EXERCISE
Return all of the entries word for word, but omit the pictures they contain.

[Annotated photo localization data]
##############################
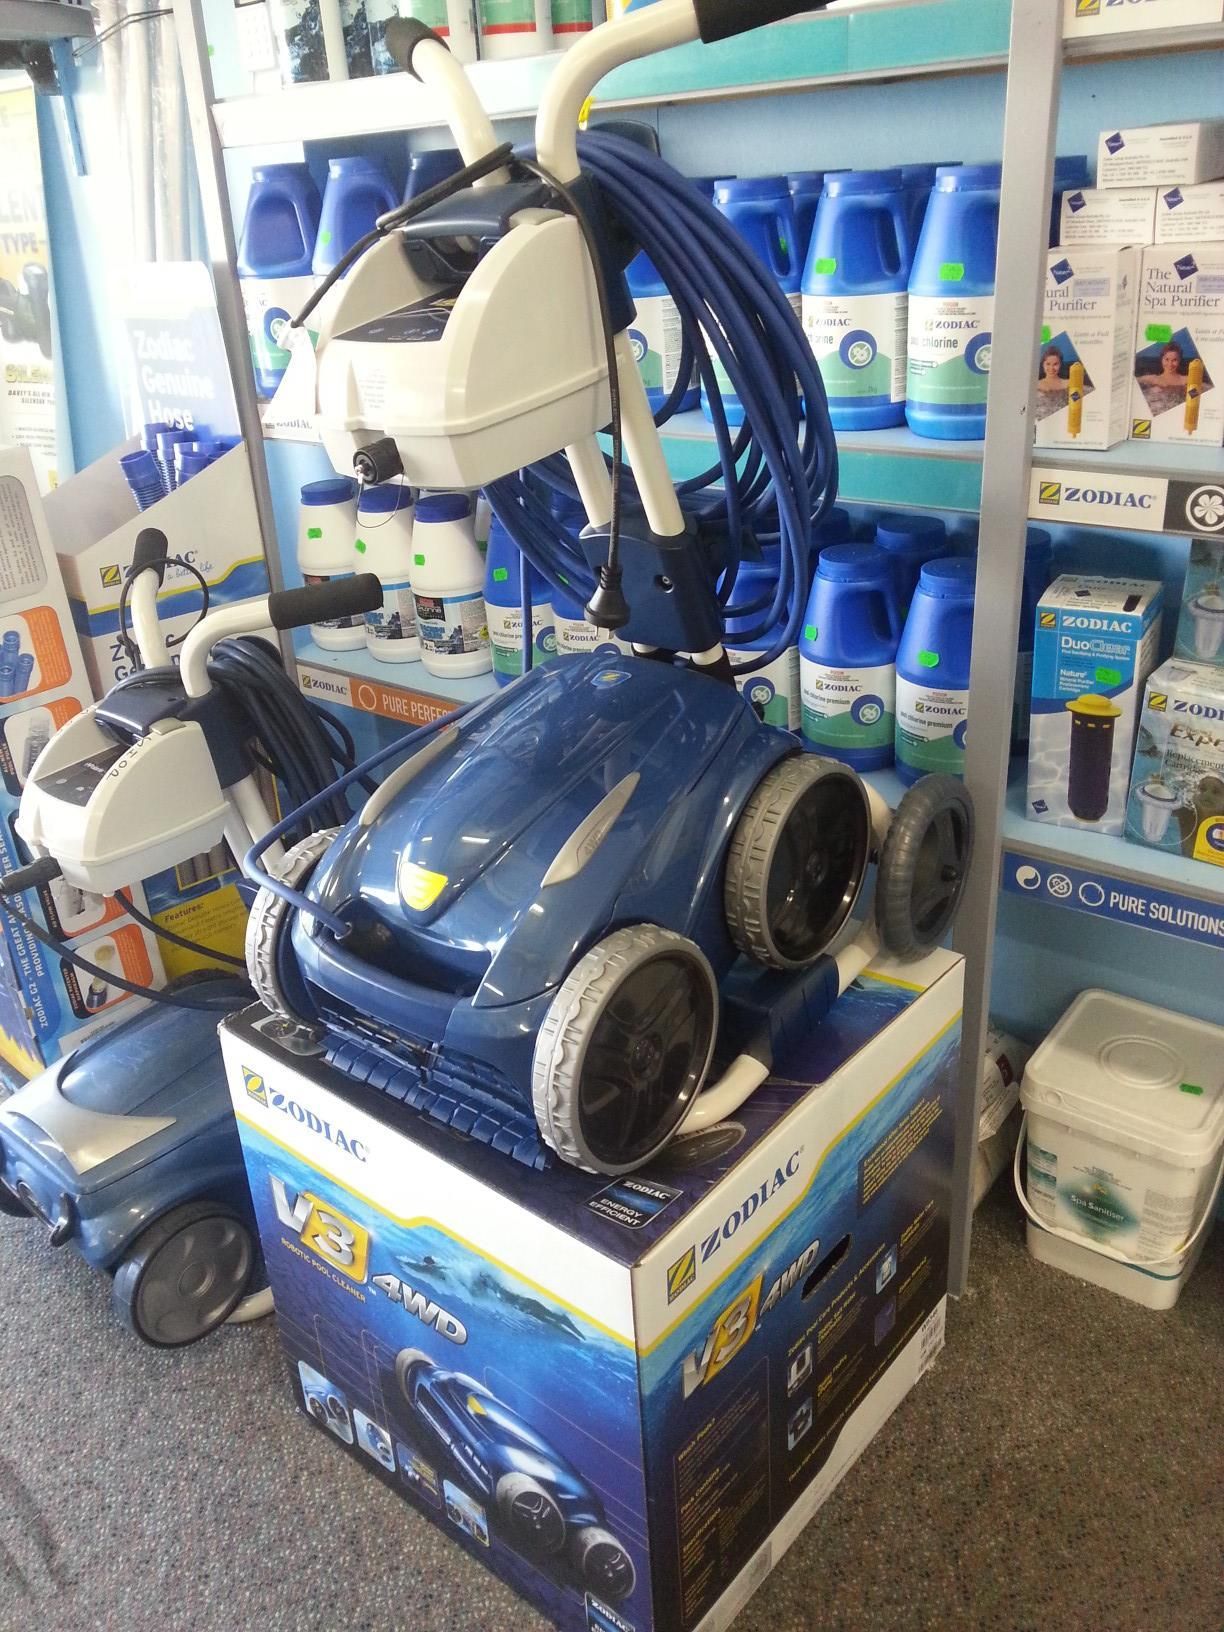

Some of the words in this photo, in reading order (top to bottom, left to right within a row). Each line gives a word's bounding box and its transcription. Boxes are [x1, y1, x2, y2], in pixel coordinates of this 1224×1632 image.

[1147, 268, 1172, 280] The
[1146, 282, 1192, 293] Natural
[1049, 299, 1097, 311] Purifier
[1145, 295, 1166, 309] Spa
[1171, 295, 1220, 307] Purifier
[936, 321, 978, 329] ZODIAC
[133, 331, 194, 361] Zodiac
[142, 364, 214, 399] Genuine
[150, 402, 194, 431] Hose
[1065, 488, 1152, 508] ZODIAC
[1062, 616, 1132, 633] ZODIAC
[312, 679, 347, 695] ZODIAC
[824, 683, 862, 692] ZODIAC
[382, 694, 409, 715] PURE
[925, 705, 966, 715] ZODIAC
[107, 737, 151, 780] SHOP
[1110, 892, 1147, 916] PURE
[1149, 902, 1224, 937] SOLUTIONS
[11, 928, 27, 957] GREAT
[19, 959, 32, 977] THE
[33, 994, 48, 1028] ZODIAC
[269, 1087, 367, 1162] ZODIAC
[623, 1181, 671, 1199] ZODIAC
[269, 1172, 356, 1266] V3
[588, 1201, 641, 1225] EFFICIENT
[600, 1198, 644, 1218] ENERGY
[701, 1151, 801, 1264] ZODIAC
[1071, 1195, 1087, 1208] Spa
[1088, 1202, 1125, 1222] Sanitiser
[281, 1237, 311, 1264] ROBOTIC
[312, 1259, 331, 1278] POOL
[332, 1274, 366, 1304] CLEANER
[760, 1240, 821, 1318] 4WD
[371, 1272, 468, 1345] 4WD
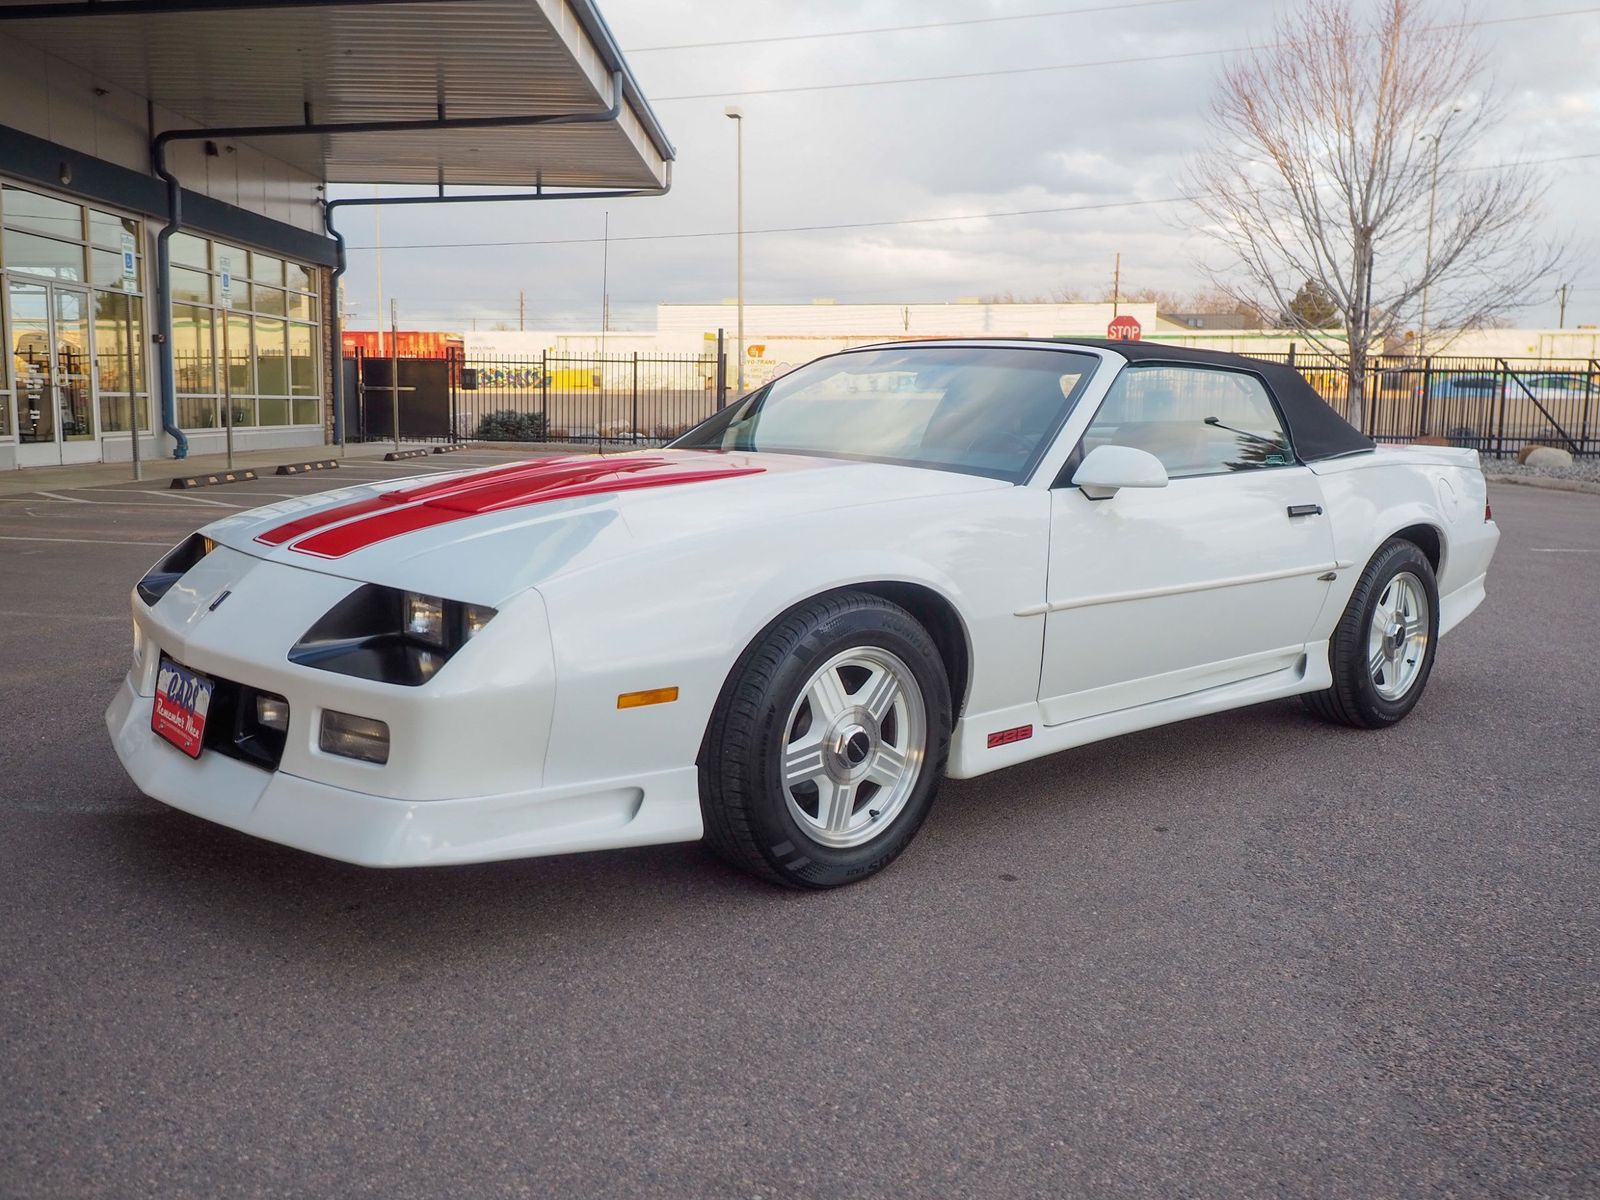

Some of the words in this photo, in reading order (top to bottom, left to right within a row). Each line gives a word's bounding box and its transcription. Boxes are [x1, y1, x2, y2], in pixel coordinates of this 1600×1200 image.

[1109, 325, 1140, 339] STOP
[167, 673, 199, 717] CARS
[157, 698, 185, 729] Remember
[988, 725, 1033, 748] Z28
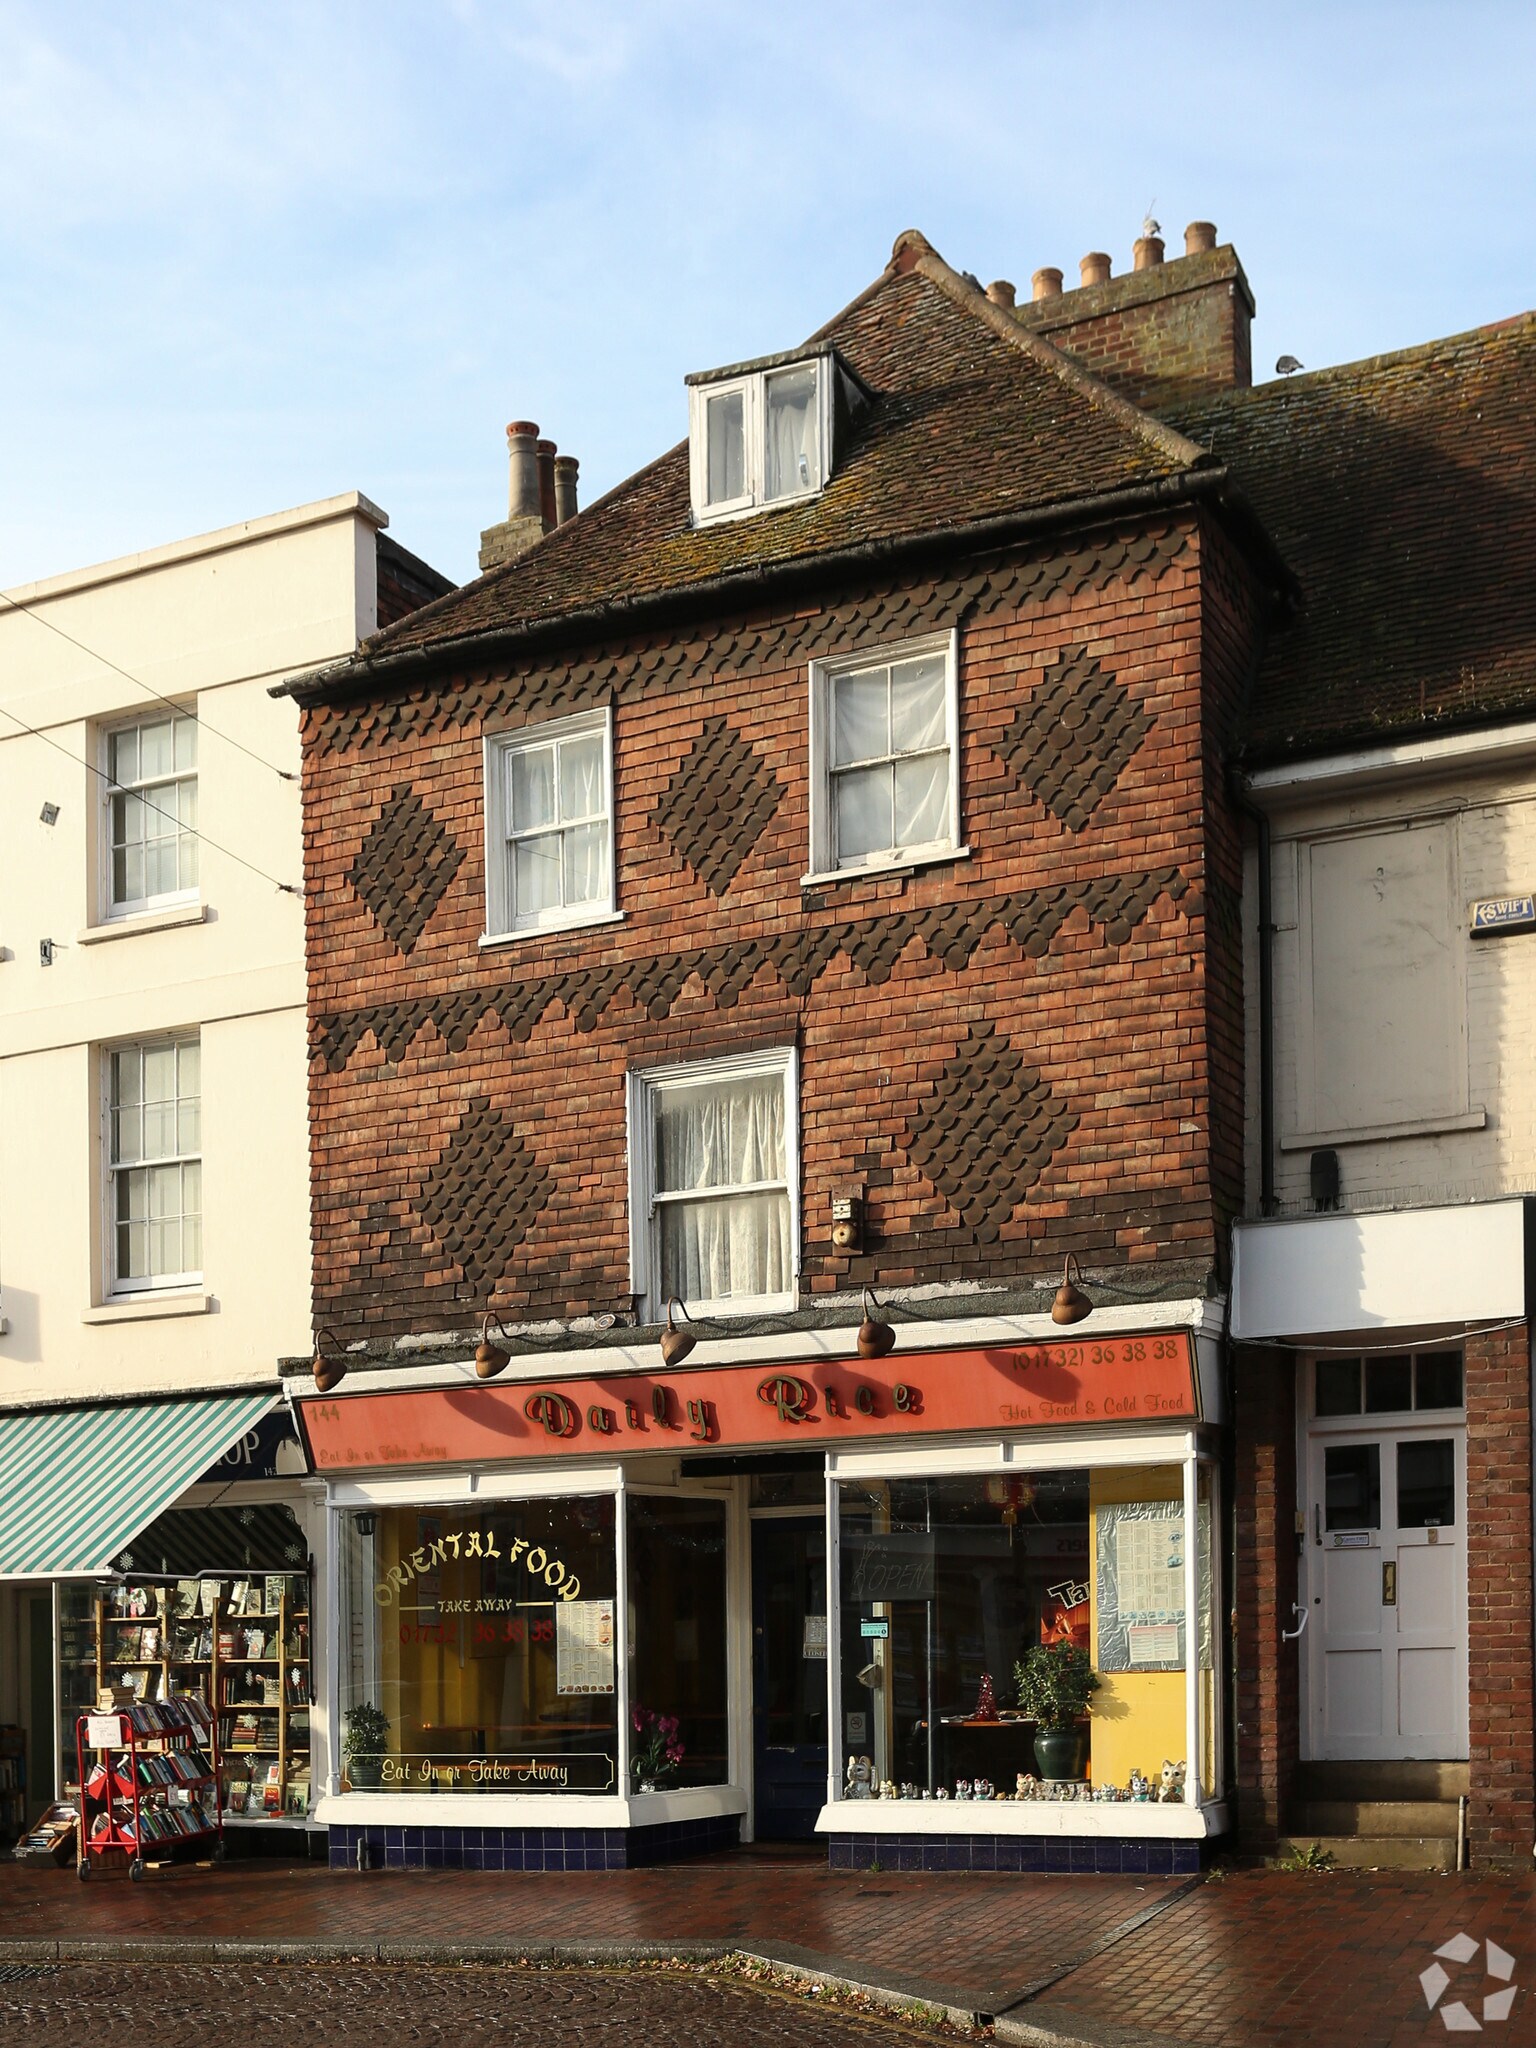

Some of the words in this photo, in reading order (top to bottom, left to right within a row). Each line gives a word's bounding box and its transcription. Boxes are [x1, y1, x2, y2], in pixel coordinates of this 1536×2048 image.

[1486, 898, 1530, 920] SWIFT
[1091, 1345, 1115, 1365] 36
[1122, 1342, 1147, 1363] 38
[1152, 1339, 1178, 1360] 38
[310, 1404, 340, 1422] 144
[522, 1384, 709, 1440] Daily
[756, 1373, 911, 1422] Rice
[1000, 1403, 1033, 1422] Hot
[1039, 1401, 1078, 1419] Food
[1103, 1397, 1137, 1414] Cold
[1144, 1393, 1184, 1412] Food
[216, 1430, 260, 1467] OP
[320, 1449, 339, 1464] Eat
[414, 1443, 447, 1460] Away
[373, 1530, 502, 1607] ORIENTAL
[510, 1536, 581, 1602] FOOD
[868, 1563, 931, 1592] OPEN
[437, 1600, 471, 1613] TAKE
[474, 1598, 513, 1612] AWAY
[473, 1622, 496, 1643] 36
[501, 1619, 525, 1643] 38
[531, 1618, 555, 1642] 38
[381, 1759, 411, 1782] Eat
[418, 1759, 439, 1782] In
[447, 1768, 461, 1781] or
[467, 1760, 511, 1783] Take
[518, 1758, 569, 1787] Away
##############################
ANSWER SPACE
Some of the words in this photo, in reading order (top to bottom, left to right within a row). Each line gives a word's bounding box and its transcription. Boxes are [x1, y1, x2, y2], in pixel coordinates of this 1224×1632 image.

[1147, 268, 1172, 280] The
[1146, 282, 1192, 293] Natural
[1049, 299, 1097, 311] Purifier
[1145, 295, 1166, 309] Spa
[1171, 295, 1220, 307] Purifier
[936, 321, 978, 329] ZODIAC
[133, 331, 194, 361] Zodiac
[142, 364, 214, 399] Genuine
[150, 402, 194, 431] Hose
[1065, 488, 1152, 508] ZODIAC
[1062, 616, 1132, 633] ZODIAC
[312, 679, 347, 695] ZODIAC
[824, 683, 862, 692] ZODIAC
[382, 694, 409, 715] PURE
[925, 705, 966, 715] ZODIAC
[107, 737, 151, 780] SHOP
[1110, 892, 1147, 916] PURE
[1149, 902, 1224, 937] SOLUTIONS
[11, 928, 27, 957] GREAT
[19, 959, 32, 977] THE
[33, 994, 48, 1028] ZODIAC
[269, 1087, 367, 1162] ZODIAC
[623, 1181, 671, 1199] ZODIAC
[269, 1172, 356, 1266] V3
[588, 1201, 641, 1225] EFFICIENT
[600, 1198, 644, 1218] ENERGY
[701, 1151, 801, 1264] ZODIAC
[1071, 1195, 1087, 1208] Spa
[1088, 1202, 1125, 1222] Sanitiser
[281, 1237, 311, 1264] ROBOTIC
[312, 1259, 331, 1278] POOL
[332, 1274, 366, 1304] CLEANER
[760, 1240, 821, 1318] 4WD
[371, 1272, 468, 1345] 4WD

Some of the words in this photo, in reading order (top to bottom, left to right within a row). Each line gives a word's bounding box and its transcription. Boxes are [x1, y1, x2, y2], in pixel coordinates of this 1600×1200 image.

[1109, 325, 1140, 339] STOP
[167, 673, 199, 717] CARS
[157, 698, 185, 729] Remember
[988, 725, 1033, 748] Z28

Some of the words in this photo, in reading order (top to bottom, left to right within a row). Each line gives a word's bounding box and its transcription. Boxes are [x1, y1, x2, y2], in pixel coordinates of this 1536×2048 image.

[1486, 898, 1530, 920] SWIFT
[1091, 1345, 1115, 1365] 36
[1122, 1342, 1147, 1363] 38
[1152, 1339, 1178, 1360] 38
[310, 1404, 340, 1422] 144
[522, 1384, 709, 1440] Daily
[756, 1373, 911, 1422] Rice
[1000, 1403, 1033, 1422] Hot
[1039, 1401, 1078, 1419] Food
[1103, 1397, 1137, 1414] Cold
[1144, 1393, 1184, 1412] Food
[216, 1430, 260, 1467] OP
[320, 1449, 339, 1464] Eat
[414, 1443, 447, 1460] Away
[373, 1530, 502, 1607] ORIENTAL
[510, 1536, 581, 1602] FOOD
[868, 1563, 931, 1592] OPEN
[437, 1600, 471, 1613] TAKE
[474, 1598, 513, 1612] AWAY
[473, 1622, 496, 1643] 36
[501, 1619, 525, 1643] 38
[531, 1618, 555, 1642] 38
[381, 1759, 411, 1782] Eat
[418, 1759, 439, 1782] In
[447, 1768, 461, 1781] or
[467, 1760, 511, 1783] Take
[518, 1758, 569, 1787] Away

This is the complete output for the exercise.